I'd like every entry transcribed word for word, with no pictures.

┌─ RECORDS

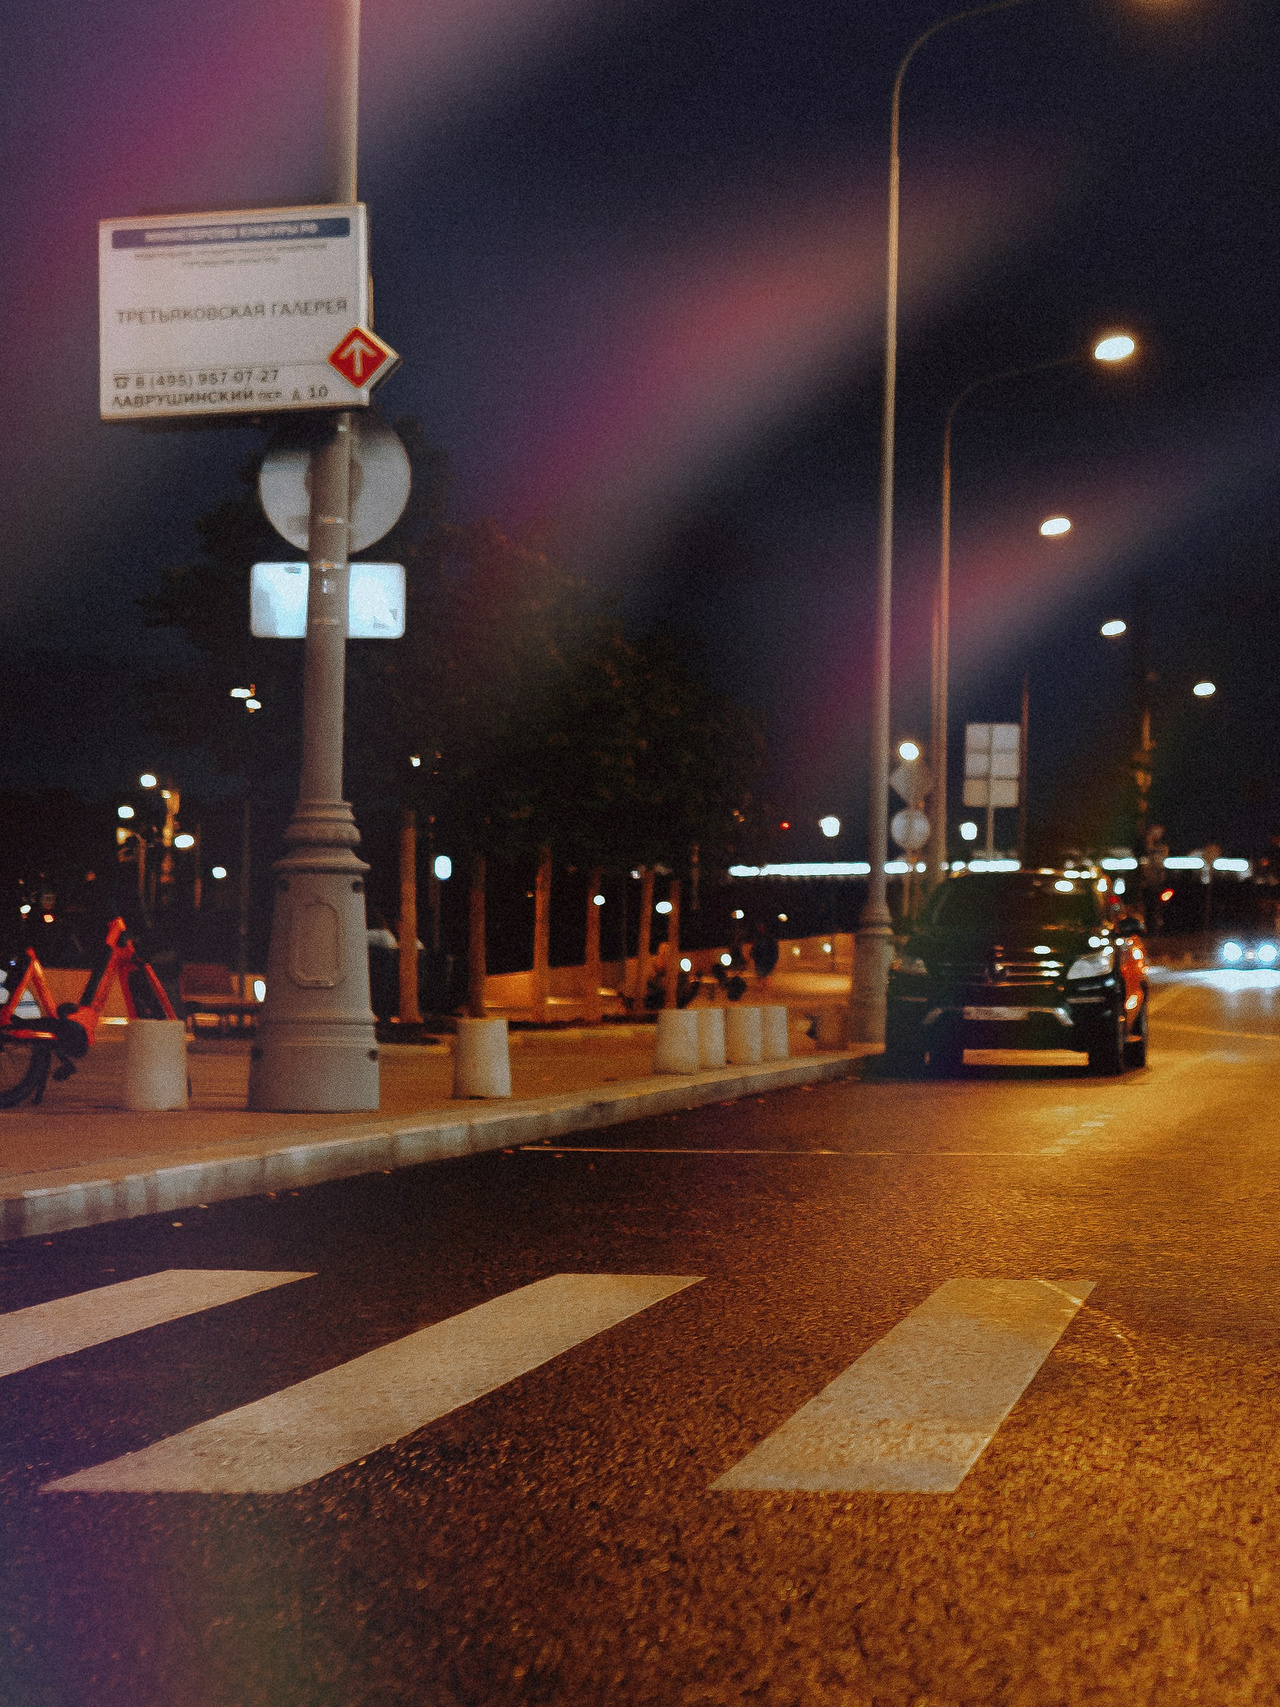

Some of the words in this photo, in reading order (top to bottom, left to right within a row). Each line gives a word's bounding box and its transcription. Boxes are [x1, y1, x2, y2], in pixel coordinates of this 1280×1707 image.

[117, 303, 265, 324] ТРЕТЬЯКОВСКАЯ
[270, 299, 348, 317] ГАЛЕРЕЯ
[149, 373, 193, 390] (495)
[112, 388, 254, 408] ЛАВРУШИНСКИЙ
[309, 384, 330, 400] 10
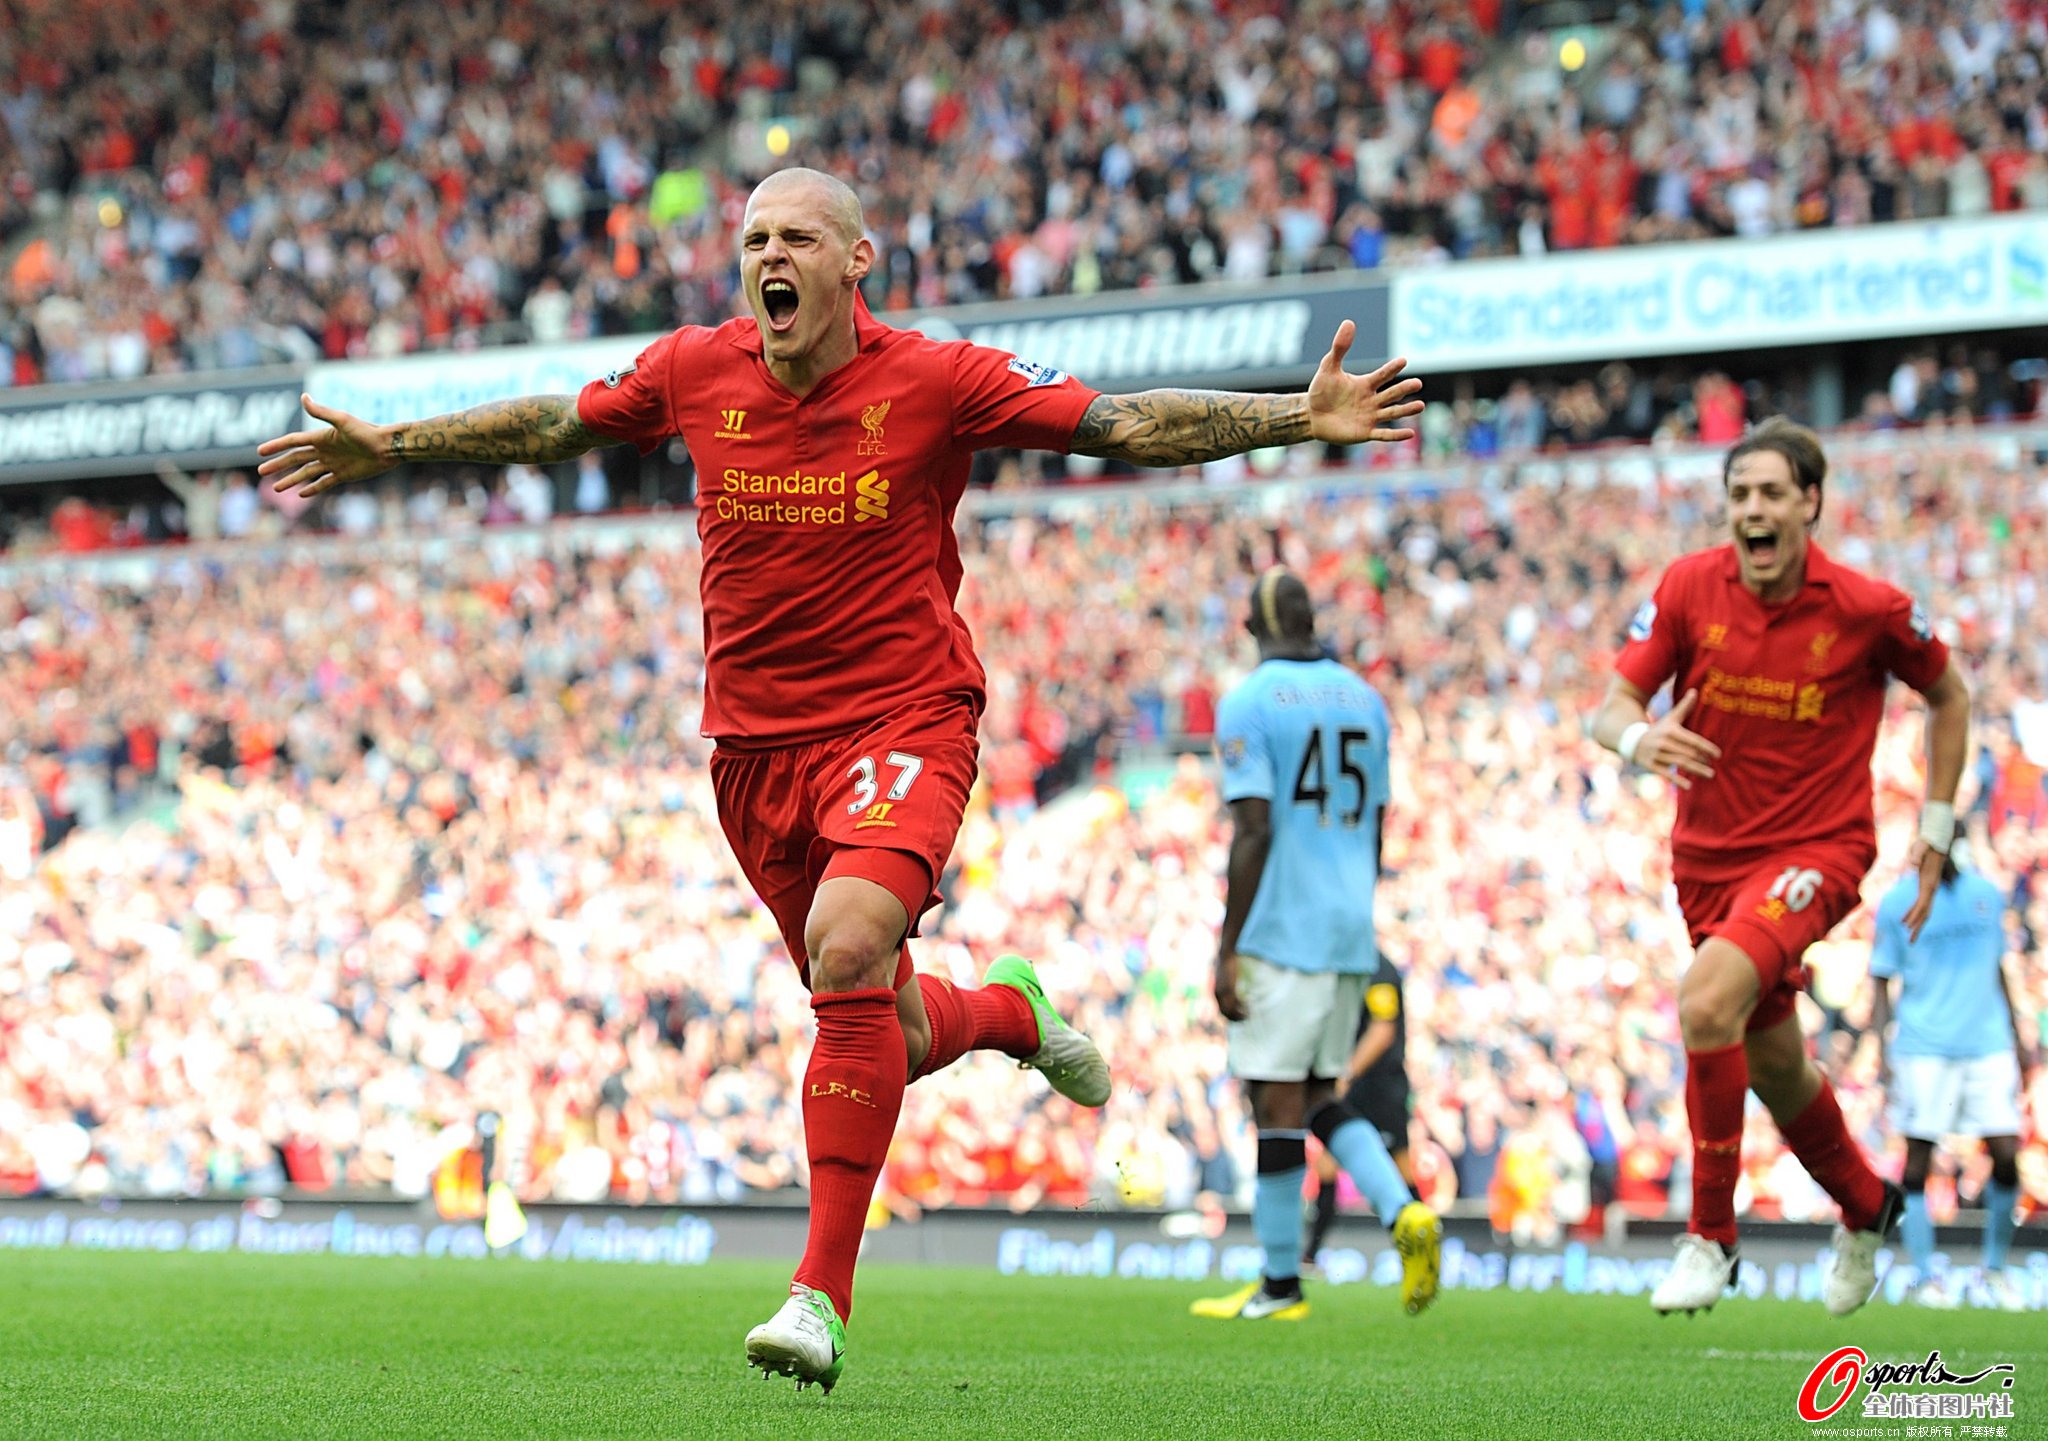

└─

ANSWER SPACE:
Some of the words in this photo, in reading order (top to bottom, left to right within a row). Each line gives a word's bounding box and its transcription. Boxes are [x1, y1, x2, y2], in pixel coordinates of this 1280×1707 image.

[117, 303, 265, 324] ТРЕТЬЯКОВСКАЯ
[270, 299, 348, 317] ГАЛЕРЕЯ
[149, 373, 193, 390] (495)
[112, 388, 254, 408] ЛАВРУШИНСКИЙ
[309, 384, 330, 400] 10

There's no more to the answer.